» DATA LISTING:
————————

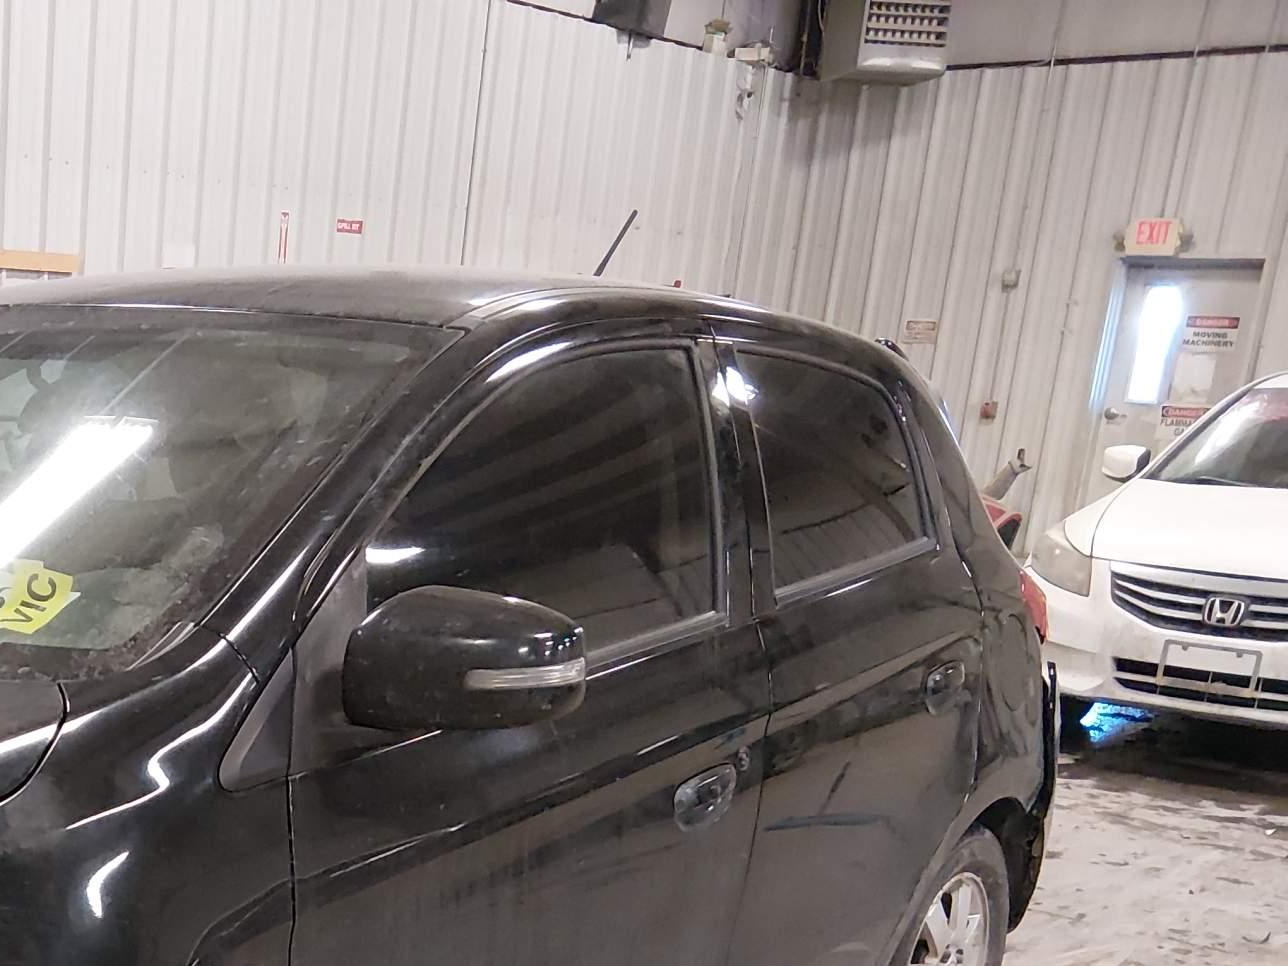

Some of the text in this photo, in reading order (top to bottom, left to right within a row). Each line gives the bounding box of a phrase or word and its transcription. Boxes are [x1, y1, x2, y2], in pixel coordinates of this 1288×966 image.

[1136, 220, 1172, 245] EXIT
[1182, 339, 1234, 348] MACHINERY
[1192, 331, 1228, 339] MOVING
[0, 573, 57, 623] VIC

————————

» WHAT TO DO:
Return every entry word for word, minus the pictures.

» EXERCISE ANSWER:
Some of the text in this photo, in reading order (top to bottom, left to right within a row). Each line gives the bounding box of a phrase or word and its transcription. Boxes are [x1, y1, x2, y2], in pixel coordinates of this 1288×966 image.

[1136, 220, 1172, 245] EXIT
[1182, 339, 1234, 348] MACHINERY
[1192, 331, 1228, 339] MOVING
[0, 573, 57, 623] VIC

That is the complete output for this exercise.